What the task requires>
Restate every record exactly as it is written, while omitting the pictures it holds.

Material for this exercise below:

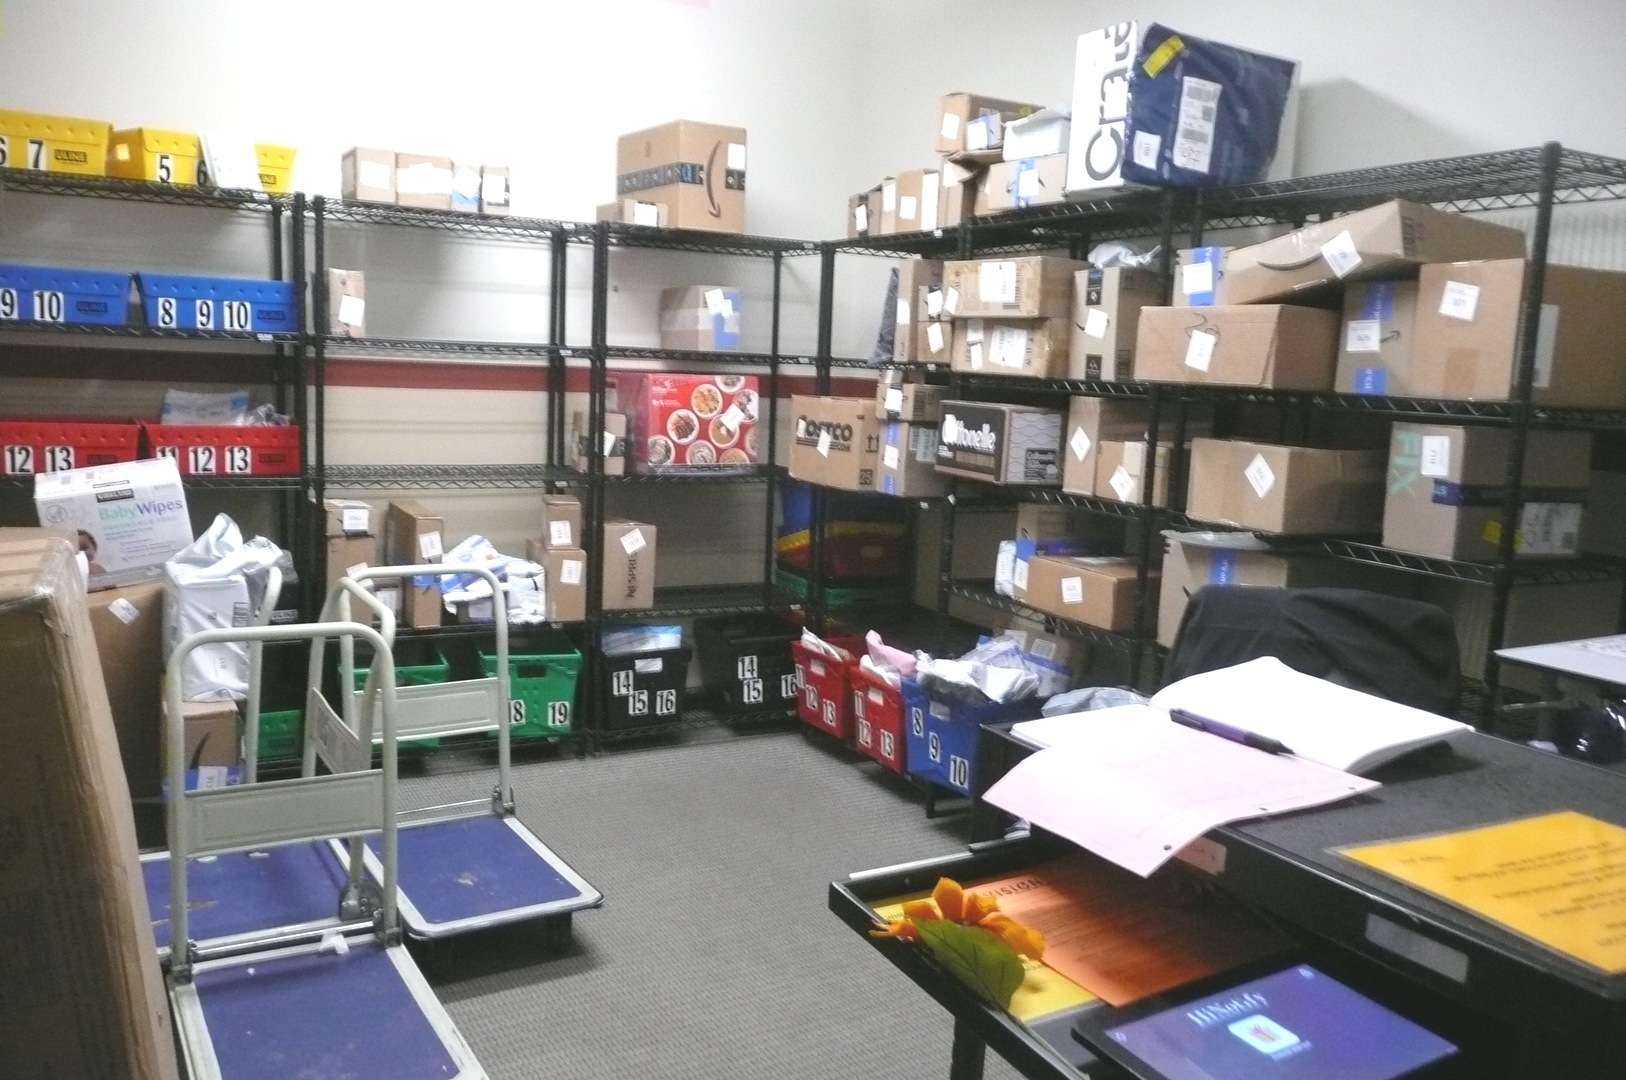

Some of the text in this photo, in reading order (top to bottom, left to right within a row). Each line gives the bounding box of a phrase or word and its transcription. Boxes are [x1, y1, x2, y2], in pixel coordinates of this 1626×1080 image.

[29, 139, 43, 169] 7
[159, 155, 207, 185] 5 6
[1, 288, 61, 321] 9 10
[161, 299, 249, 329] 8 9 10
[7, 446, 31, 473] 12
[48, 446, 72, 472] 13
[191, 447, 214, 473] 12
[227, 447, 249, 472] 13
[99, 500, 183, 520] Baby Wipes
[740, 657, 757, 678] 14
[614, 673, 631, 694] 14
[745, 680, 761, 701] 15
[783, 675, 797, 697] 16
[549, 703, 568, 724] 19
[631, 691, 674, 714] 15 16
[856, 691, 865, 717] 11
[861, 720, 871, 746] 12
[912, 708, 922, 735] 8
[883, 733, 894, 758] 13
[930, 734, 940, 760] 9
[951, 758, 967, 786] 10

End of Material for this exercise.

Result>
Some of the text in this photo, in reading order (top to bottom, left to right within a row). Each line gives the bounding box of a phrase or word and its transcription. Boxes are [x1, y1, x2, y2], in pixel coordinates of this 1626×1080 image.

[29, 139, 43, 169] 7
[159, 155, 207, 185] 5 6
[1, 288, 61, 321] 9 10
[161, 299, 249, 329] 8 9 10
[7, 446, 31, 473] 12
[48, 446, 72, 472] 13
[191, 447, 214, 473] 12
[227, 447, 249, 472] 13
[99, 500, 183, 520] Baby Wipes
[740, 657, 757, 678] 14
[614, 673, 631, 694] 14
[745, 680, 761, 701] 15
[783, 675, 797, 697] 16
[549, 703, 568, 724] 19
[631, 691, 674, 714] 15 16
[856, 691, 865, 717] 11
[861, 720, 871, 746] 12
[912, 708, 922, 735] 8
[883, 733, 894, 758] 13
[930, 734, 940, 760] 9
[951, 758, 967, 786] 10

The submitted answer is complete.